[Dataset excerpts]
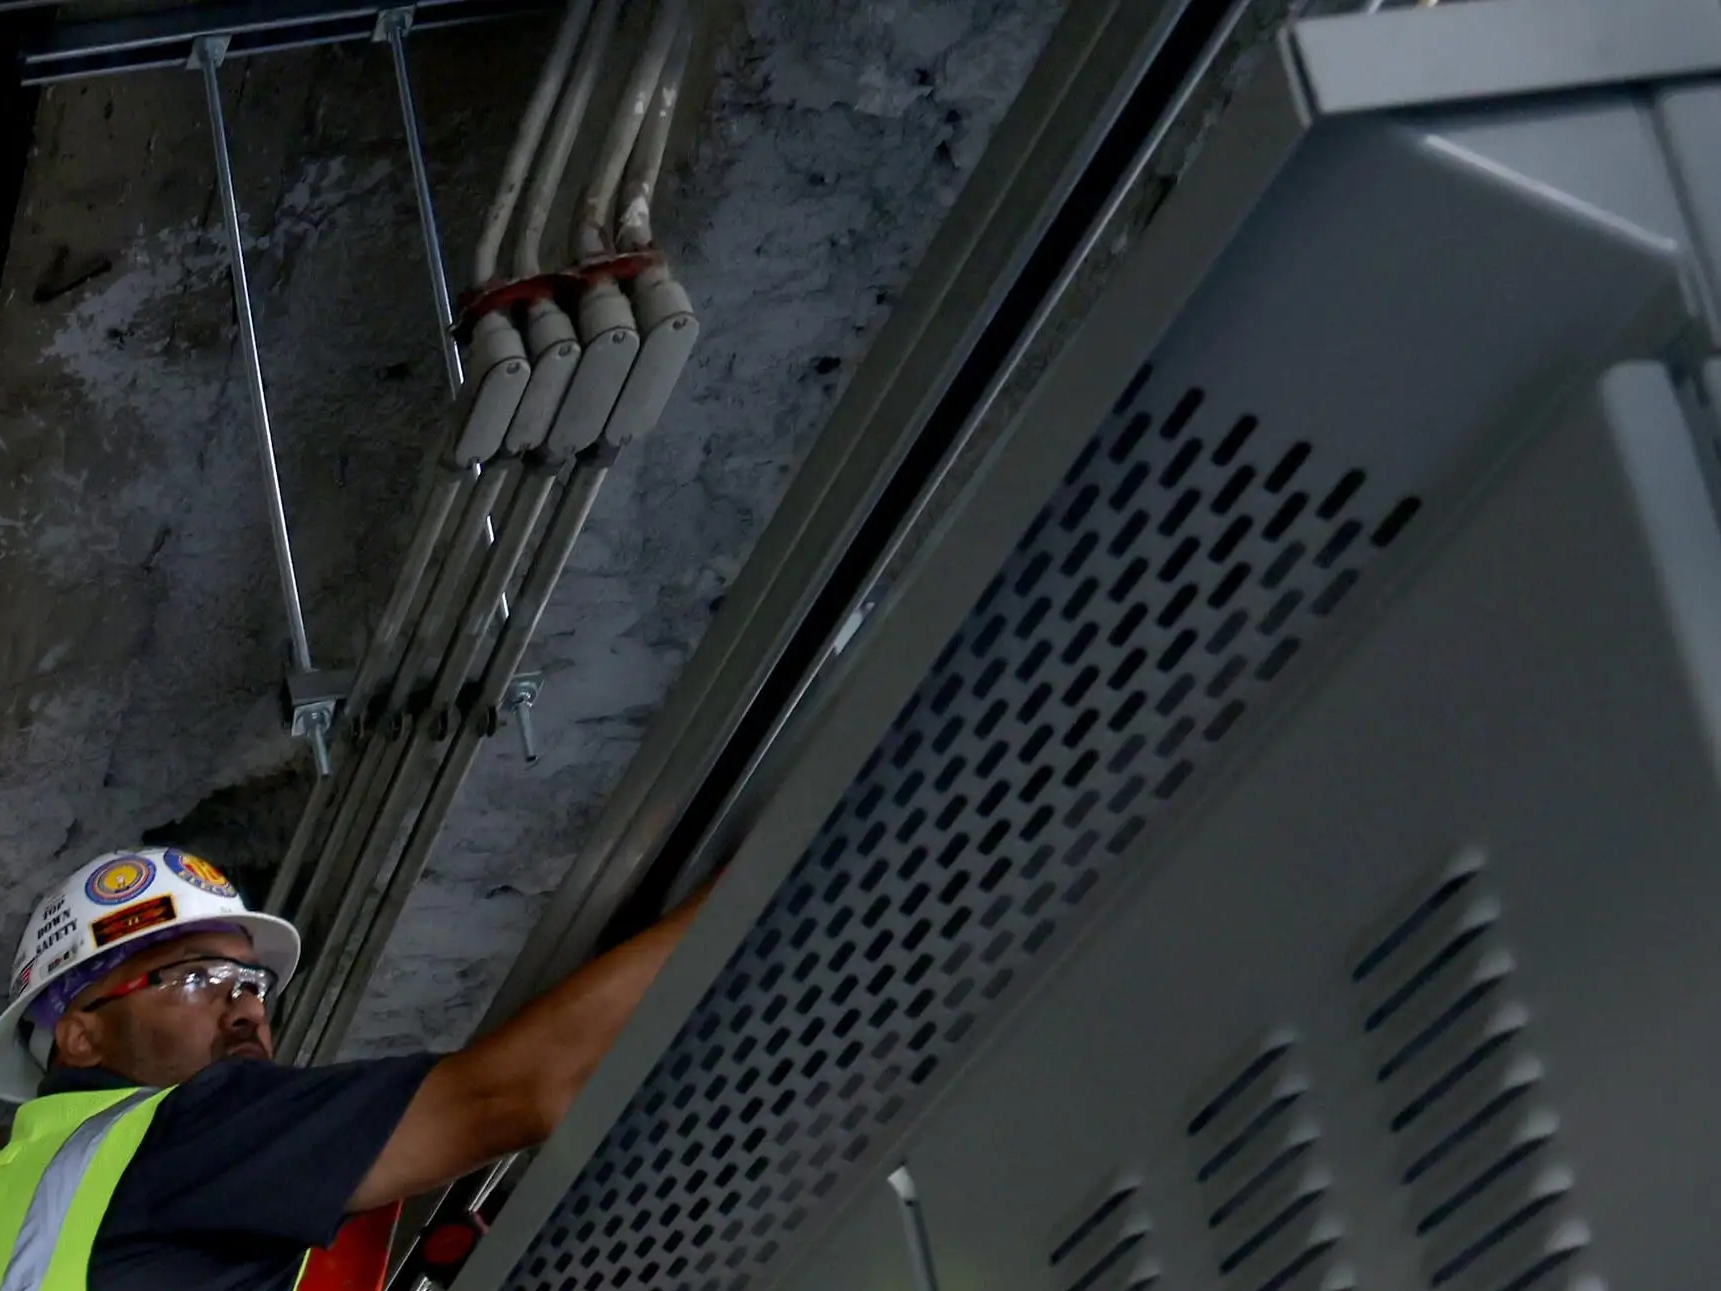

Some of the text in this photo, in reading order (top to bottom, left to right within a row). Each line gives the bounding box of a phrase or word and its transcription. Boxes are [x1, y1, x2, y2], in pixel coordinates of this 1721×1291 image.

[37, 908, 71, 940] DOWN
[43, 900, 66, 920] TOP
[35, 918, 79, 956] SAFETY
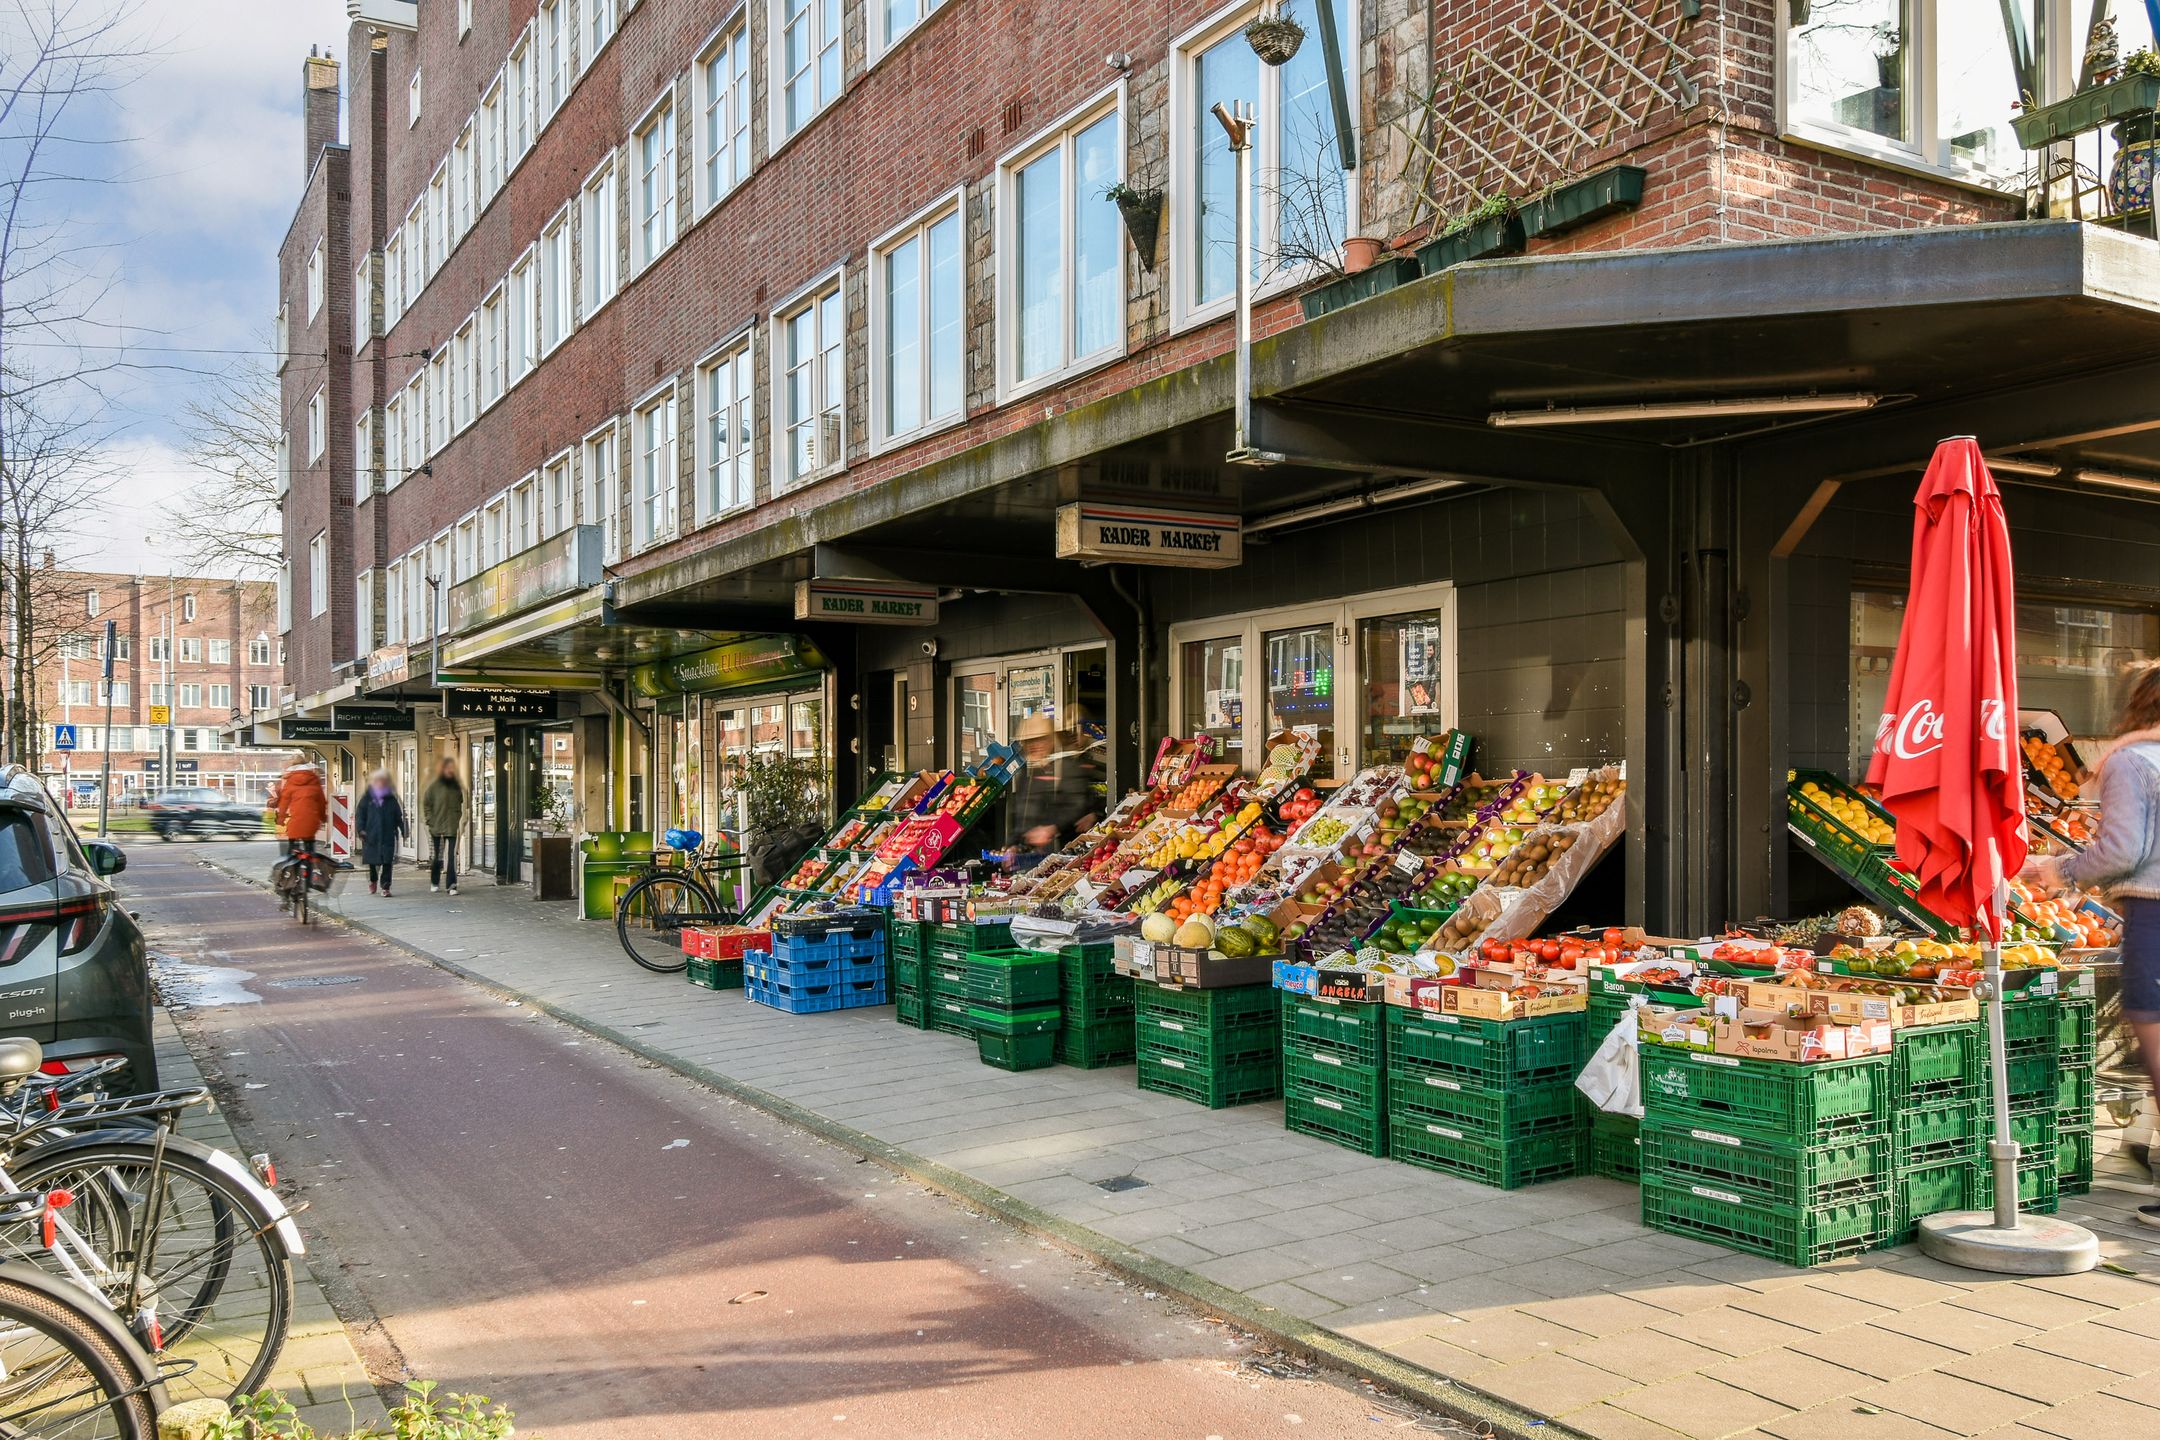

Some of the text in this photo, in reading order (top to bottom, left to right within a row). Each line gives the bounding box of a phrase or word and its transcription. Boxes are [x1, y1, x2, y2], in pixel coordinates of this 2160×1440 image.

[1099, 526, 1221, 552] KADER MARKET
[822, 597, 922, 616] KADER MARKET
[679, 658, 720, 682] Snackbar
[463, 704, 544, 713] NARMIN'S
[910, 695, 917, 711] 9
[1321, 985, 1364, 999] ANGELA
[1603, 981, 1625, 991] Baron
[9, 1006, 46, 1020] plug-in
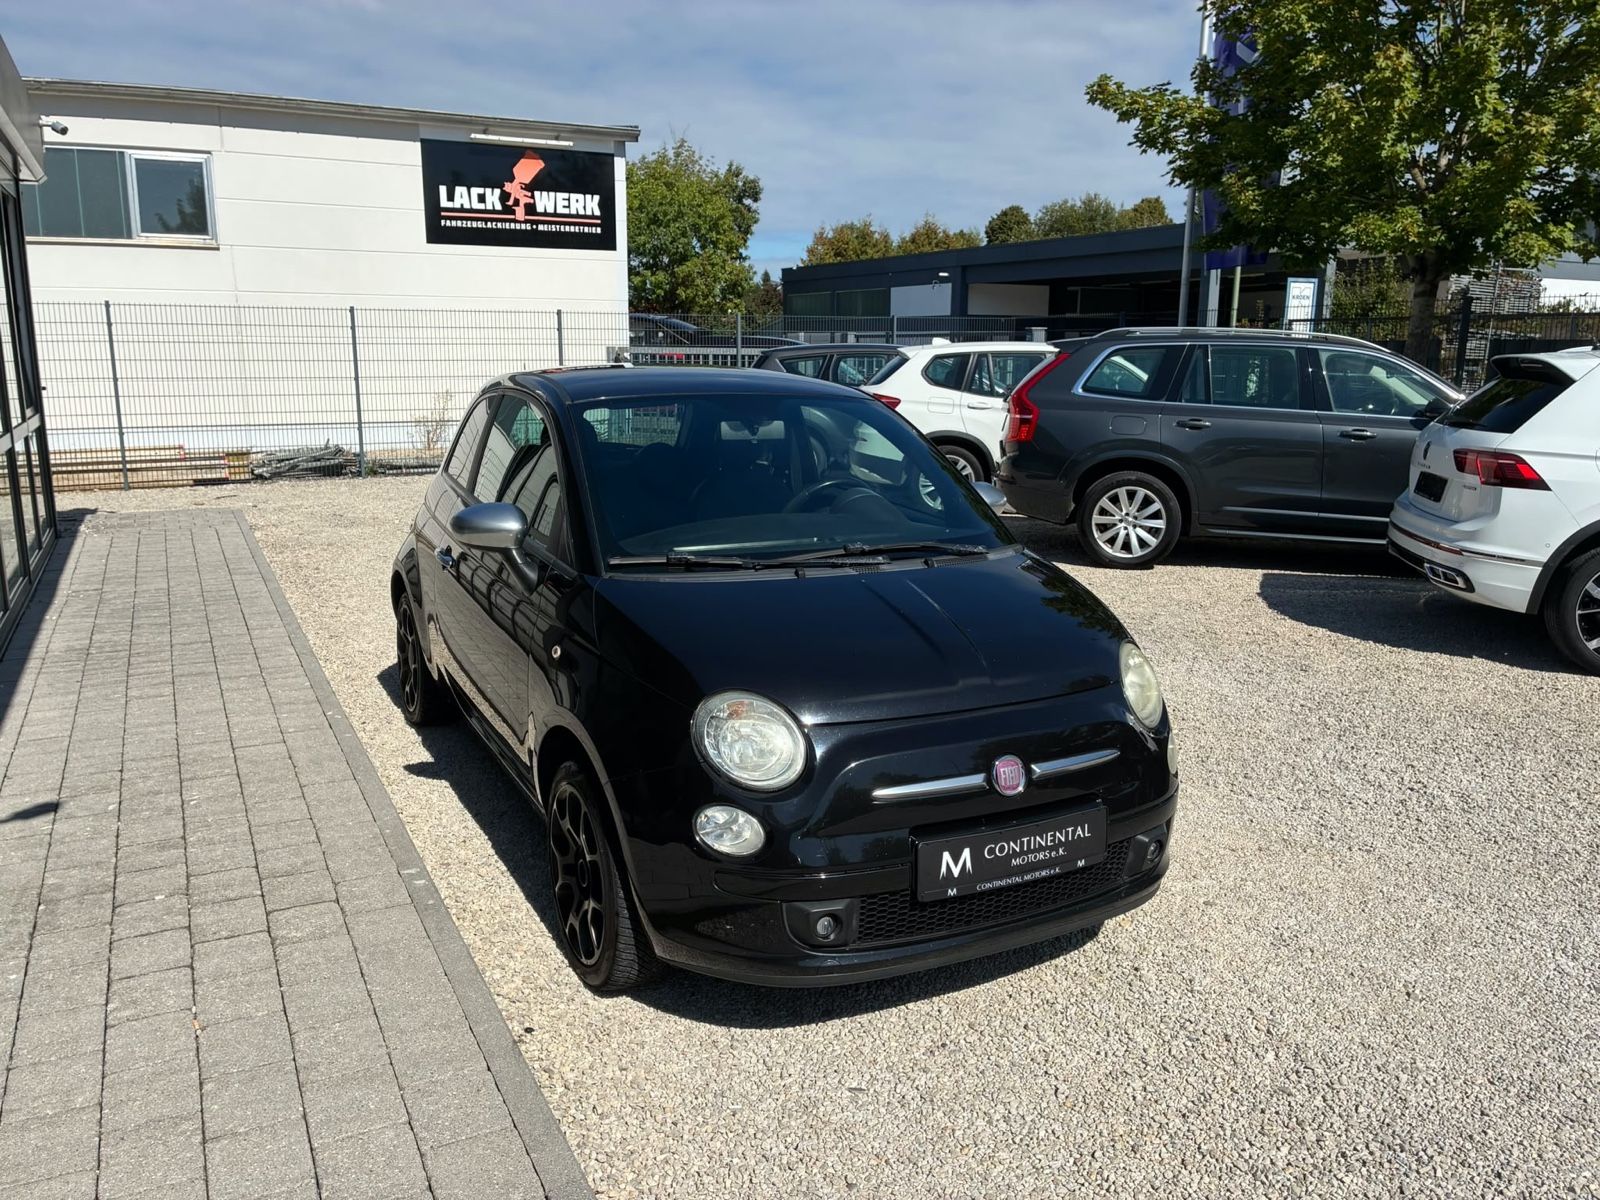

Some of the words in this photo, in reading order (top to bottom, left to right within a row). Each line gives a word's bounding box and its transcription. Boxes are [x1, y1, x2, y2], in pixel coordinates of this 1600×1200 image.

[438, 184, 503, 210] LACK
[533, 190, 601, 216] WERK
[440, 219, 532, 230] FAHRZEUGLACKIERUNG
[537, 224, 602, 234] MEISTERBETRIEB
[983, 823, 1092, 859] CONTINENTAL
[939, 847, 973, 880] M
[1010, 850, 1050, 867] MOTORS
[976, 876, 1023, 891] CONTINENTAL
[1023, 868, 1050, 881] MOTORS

How to complete this task: Only the text of the entries above is to be given again, exactly, with the pictures left out.

Your solution:
Some of the text in this photo, in reading order (top to bottom, left to right within a row). Each line gives the bounding box of a phrase or word and its transcription. Boxes are [x1, y1, x2, y2], in pixel coordinates of this 1721×1291 image.

[37, 908, 71, 940] DOWN
[43, 900, 66, 920] TOP
[35, 918, 79, 956] SAFETY

Some of the text in this photo, in reading order (top to bottom, left to right within a row). Each line gives the bounding box of a phrase or word and its transcription. Boxes are [x1, y1, x2, y2], in pixel coordinates of this 2160×1440 image.

[1099, 526, 1221, 552] KADER MARKET
[822, 597, 922, 616] KADER MARKET
[679, 658, 720, 682] Snackbar
[463, 704, 544, 713] NARMIN'S
[910, 695, 917, 711] 9
[1321, 985, 1364, 999] ANGELA
[1603, 981, 1625, 991] Baron
[9, 1006, 46, 1020] plug-in

Some of the words in this photo, in reading order (top to bottom, left to right within a row). Each line gives a word's bounding box and its transcription. Boxes are [x1, y1, x2, y2], in pixel coordinates of this 1600×1200 image.

[438, 184, 503, 210] LACK
[533, 190, 601, 216] WERK
[440, 219, 532, 230] FAHRZEUGLACKIERUNG
[537, 224, 602, 234] MEISTERBETRIEB
[983, 823, 1092, 859] CONTINENTAL
[939, 847, 973, 880] M
[1010, 850, 1050, 867] MOTORS
[976, 876, 1023, 891] CONTINENTAL
[1023, 868, 1050, 881] MOTORS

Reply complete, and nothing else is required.